The Atlantis Music Prize is a music award annually given to the best full-length album from Newfoundland and Labrador, Canada, based only on artistic merit, regardless of genre, sales or record label. The award, established in 2008 by St. John's-based alternative newspaper The Scope, includes a certificate prize of $1000. The award is modeled after the Polaris Music Prize for all of Canada (which in turn is modeled after the Mercury Music Prize in the United Kingdom).

==Jury and selection process==
No entry fee is required for submission, and all genres of music are included. A shortlist of 10 albums is compiled by more than 30 judges from the area, who each choose five albums, and a second panel of six judges selects the winner at the Atlantis Music Prize Gala.
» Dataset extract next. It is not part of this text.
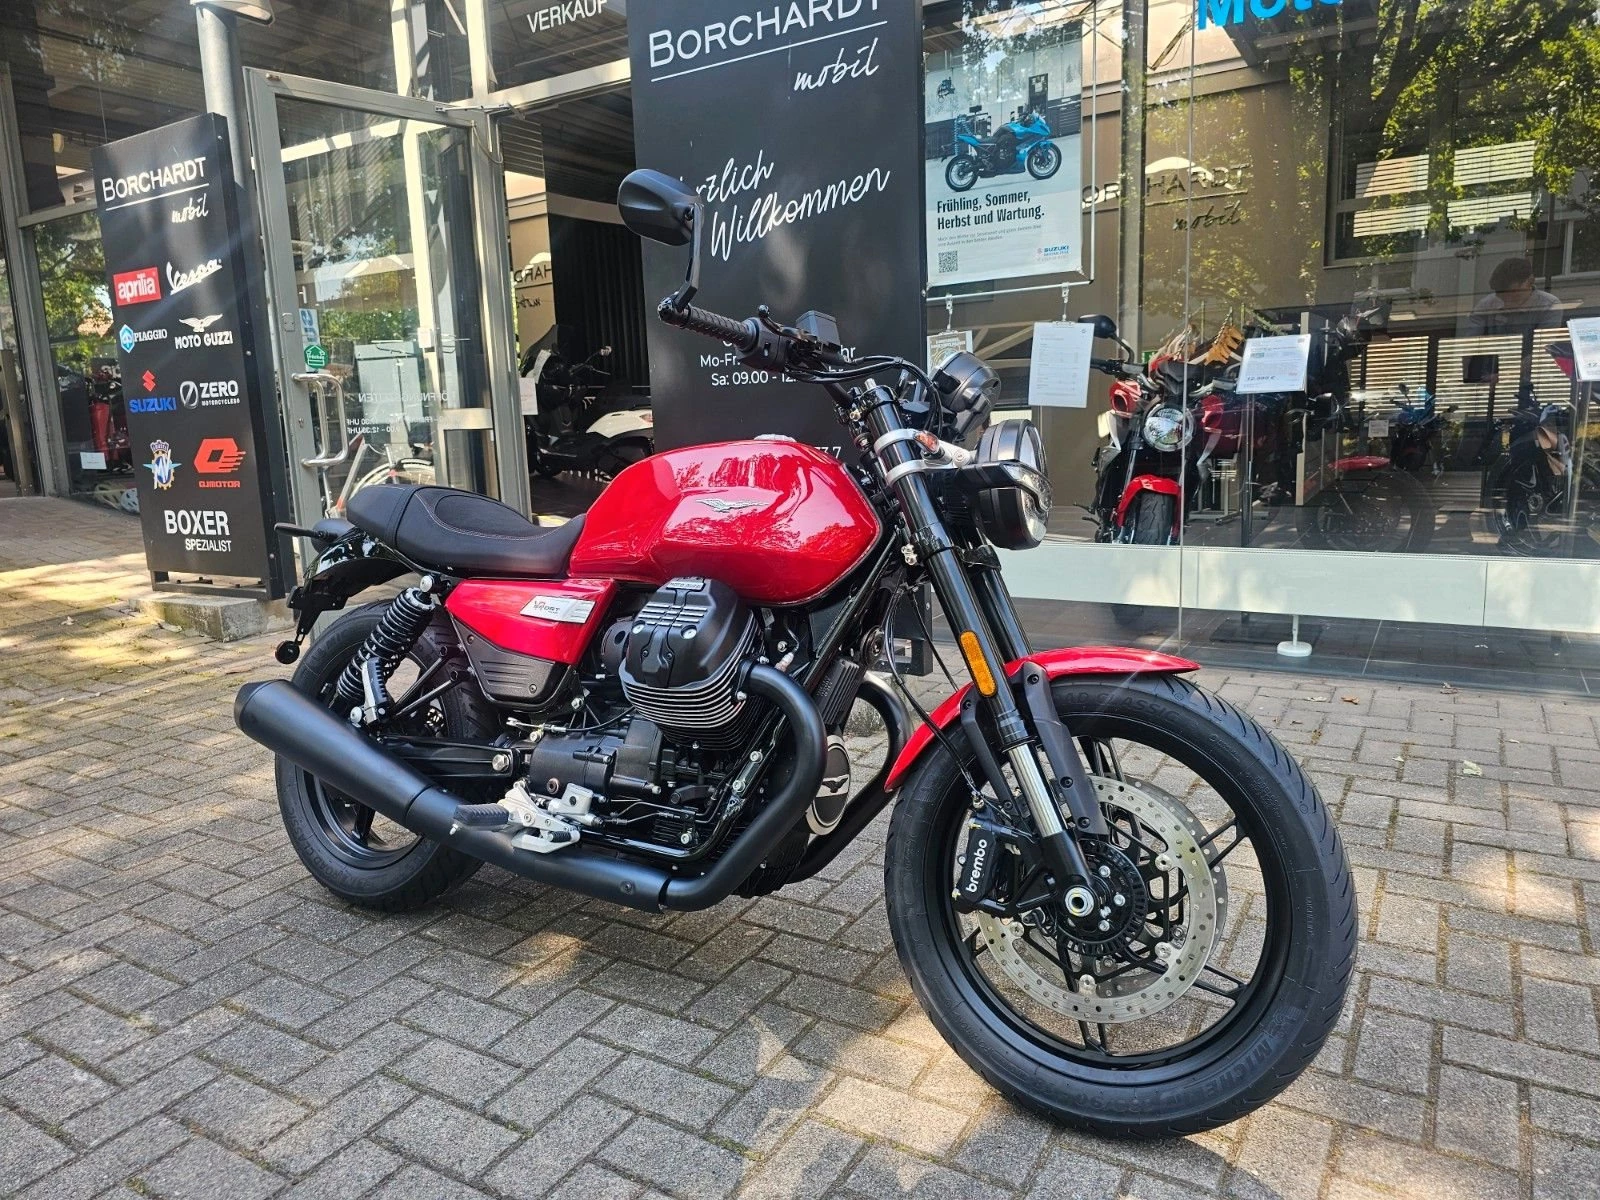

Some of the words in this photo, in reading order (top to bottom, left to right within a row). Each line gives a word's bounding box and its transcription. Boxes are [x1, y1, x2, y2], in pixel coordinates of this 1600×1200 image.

==Past winners and nominees==
===Atlantis Music Prize===

| Year | Winner | Shortlisted Nominees & Albums |
|---|---|---|
| 2008 | Mercy, the Sexton - Another Month | AE Bridger - I Am a Ghostly Leech; Duane Andrews - Raindrops; Hey Rosetta! - Into Your Lungs (and around in your heart and on through your blood); Idlers - Corner; Narrows - Narrows; Slippery Rabbits - La Marée Noire; The Human Soundtrack - Organs for Sale; The Satans - Renovabis Faciem Terrae; Victor Lewis - Good Intentions; |
| 2009 | Curtis Andrews - The Offering of Curtis Andrews | Amelia Curran - Hunter, Hunter; Chris Kirby - Vampire Hotel; The Class War Kids - Reflection! Rage! Rebellion!; The Dardanelles - The Dardanelles; Errand Boy - Cape Disappointment; Kujo - Kujo; Map to Temenos - O! Sweet Guillotine; The Novaks - Things Fall Apart; The Once - The Once; |
| 2010 | Gramercy Riffs - It's Heartbreak Pathological Lovers - Calling All Favours | Colonel Craze and the Hunch - Reptilian Lipstick; Duane Andrews and Dwayne Côté - Duane Andrews and Dwayne Côté; Idlers - Keep Out; Jake Nicoll - Wild Machines; Matthew Hornell and the Diamond Minds - Matthew Hornell and the Diamond Minds; McKudo - Kudos; Sherman Downey - Honey For Bees; The Subtitles - Quick and Painless; |
| 2011 | All the Wiles - Painted | Andrew O'Brien & The Searchers - Songs for Searchers; The Burning Hell - Flux Capacitor ; Casual Male - Bonding; Hey Rosetta! - Seeds; John Cossar - Another Bridge to Burn; Mark Bragg & The Butchers - Your Kiss; Monsterbator - Precious Rhino; Repartee - Repartee; The Once - Row Upon Row of the People They Know; |

===Borealis Music Prize===

| Year | Winner | Shortlisted Nominees & Albums | Ref |
|---|---|---|---|
| 2014 | Jon Hynes – Watchful Creatures | Steve Maloney and the Wandering Kind - Steve Maloney and the Wandering Kind; Green and Gold - The Body Knows; Sherman Downey and the Ambiguous Case - The Sun in Your Eyes; Fog Lake - Virgo Indigo; |  |
| 2015 | Hey Rosetta! - Second Sight | Amelia Curran - They Promised You Mercy; Fog Lake - Victoria Park; Kat McLevey - Tell Me Once; Ouroboros - Ouroboros; |  |
| 2016 | Jake Nicoll - Two Things/Half of Nothing | Damn Nature - Damn Nature; Duane Andrews - Conception Bay; Pilot to Bombardier - Wild Bells; Repartee - All Lit Up; |  |
| 2017 | Steve Maloney - The Memory Game | Amelia Curran - Watershed; Fog Lake - Dragonchaser; Kubasonics - Kubfundland; Ouroboros - Kitchuses; |  |

==See also==

- Polaris Music Prize (Canada)
- Choice Music Prize (Ireland)
- Mercury Music Prize (United Kingdom)
- Prix Constantin (France)
- Shortlist Prize (United States)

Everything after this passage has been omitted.